■ What is required:
Nothing but the pictures should be dropped when the records are transcribed word for word.

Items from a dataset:
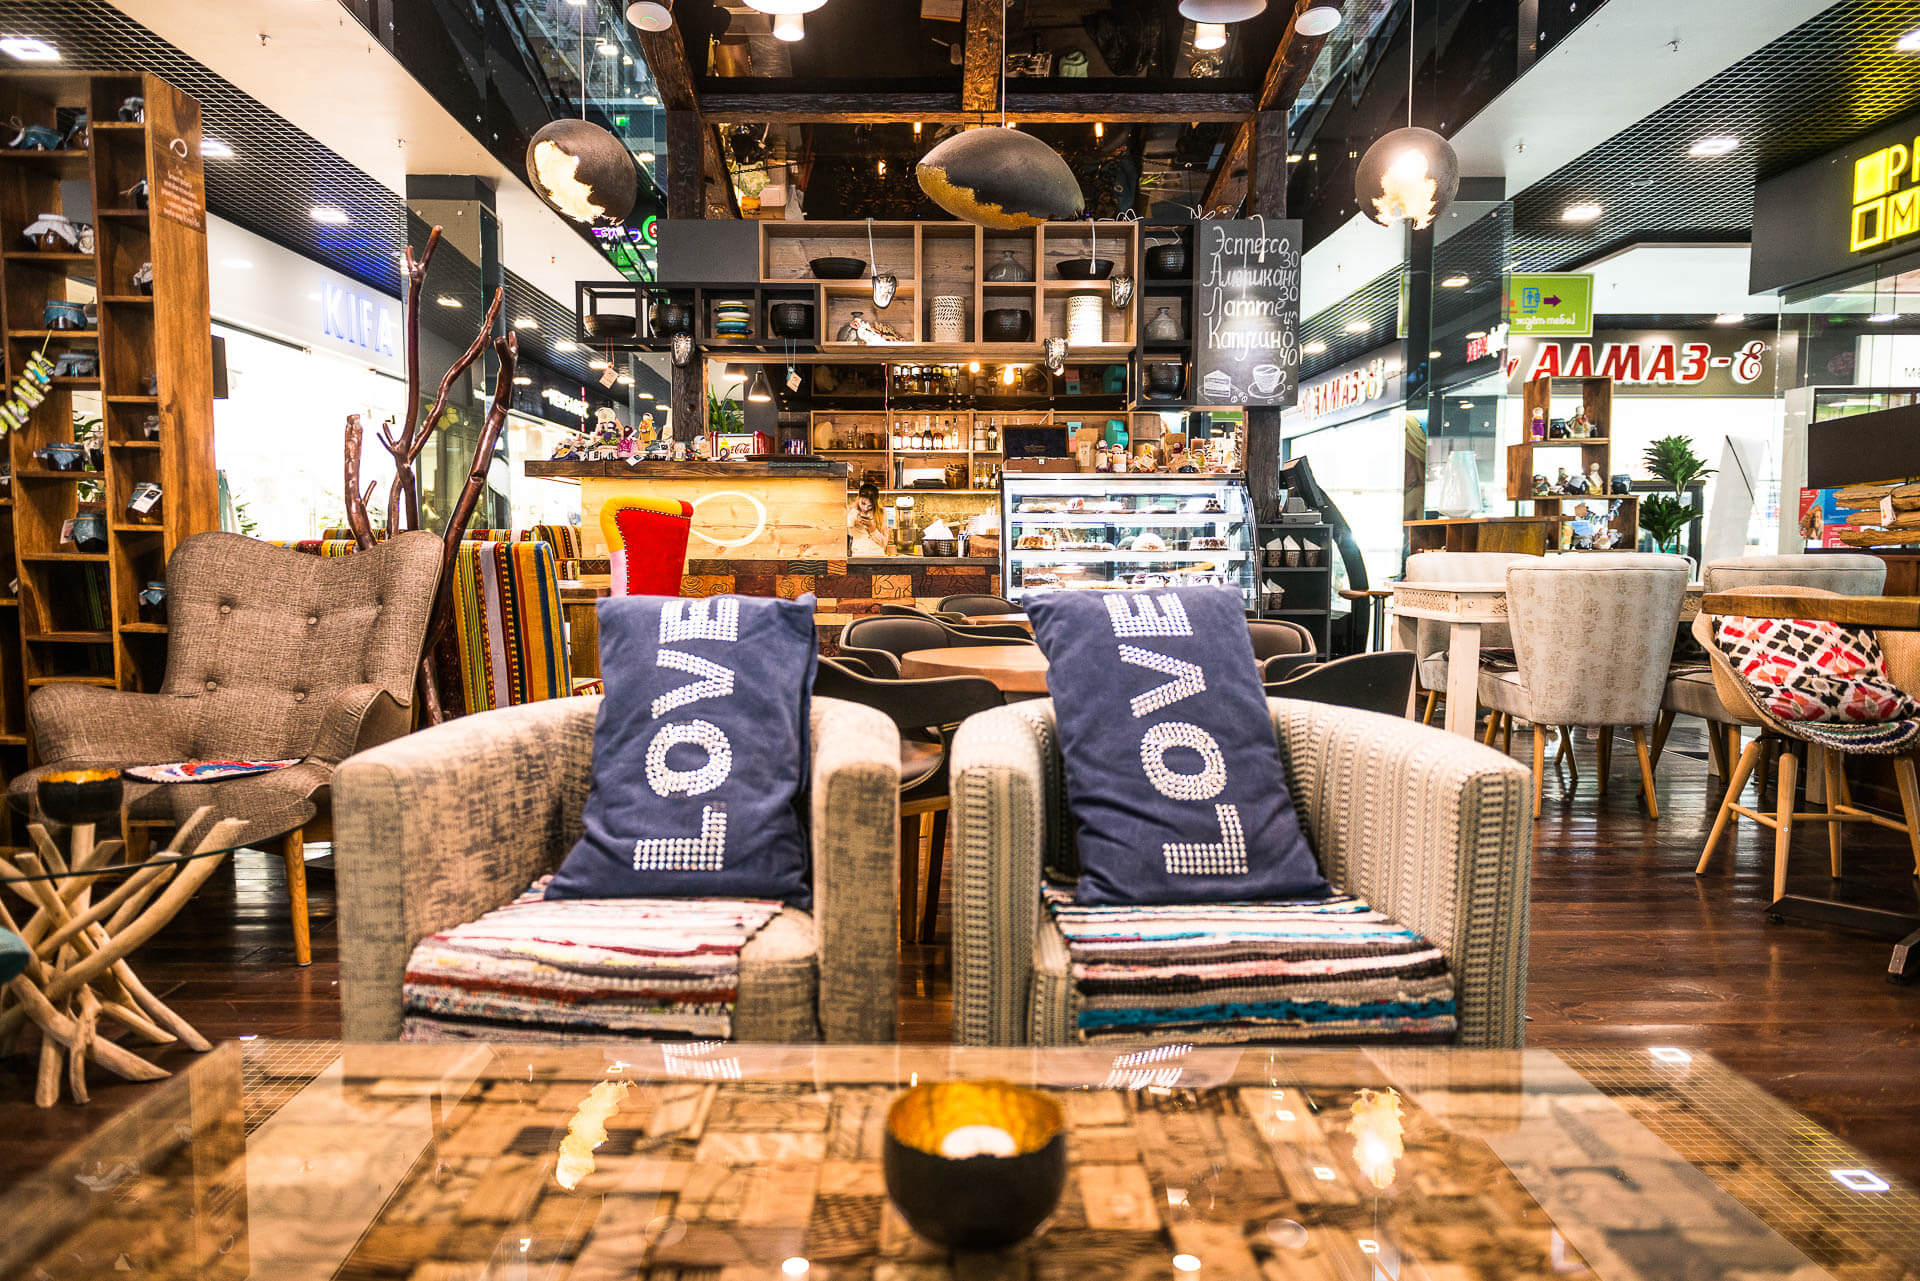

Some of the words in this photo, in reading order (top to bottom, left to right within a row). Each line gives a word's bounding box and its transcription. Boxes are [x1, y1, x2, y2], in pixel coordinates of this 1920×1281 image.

[1210, 226, 1290, 268] Эспрессо
[1280, 250, 1299, 269] 30
[1203, 286, 1286, 317] Латте
[1278, 286, 1299, 302] 30
[320, 278, 393, 356] KIFA
[1208, 316, 1294, 362] Капучино
[1279, 347, 1298, 367] 40
[633, 598, 740, 872] LOVE
[1103, 592, 1249, 875] LOVE

■ Solution for this task:
Some of the words in this photo, in reading order (top to bottom, left to right within a row). Each line gives a word's bounding box and its transcription. Boxes are [x1, y1, x2, y2], in pixel coordinates of this 1920×1281 image.

[1210, 226, 1290, 268] Эспрессо
[1280, 250, 1299, 269] 30
[1203, 286, 1286, 317] Латте
[1278, 286, 1299, 302] 30
[320, 278, 393, 356] KIFA
[1208, 316, 1294, 362] Капучино
[1279, 347, 1298, 367] 40
[633, 598, 740, 872] LOVE
[1103, 592, 1249, 875] LOVE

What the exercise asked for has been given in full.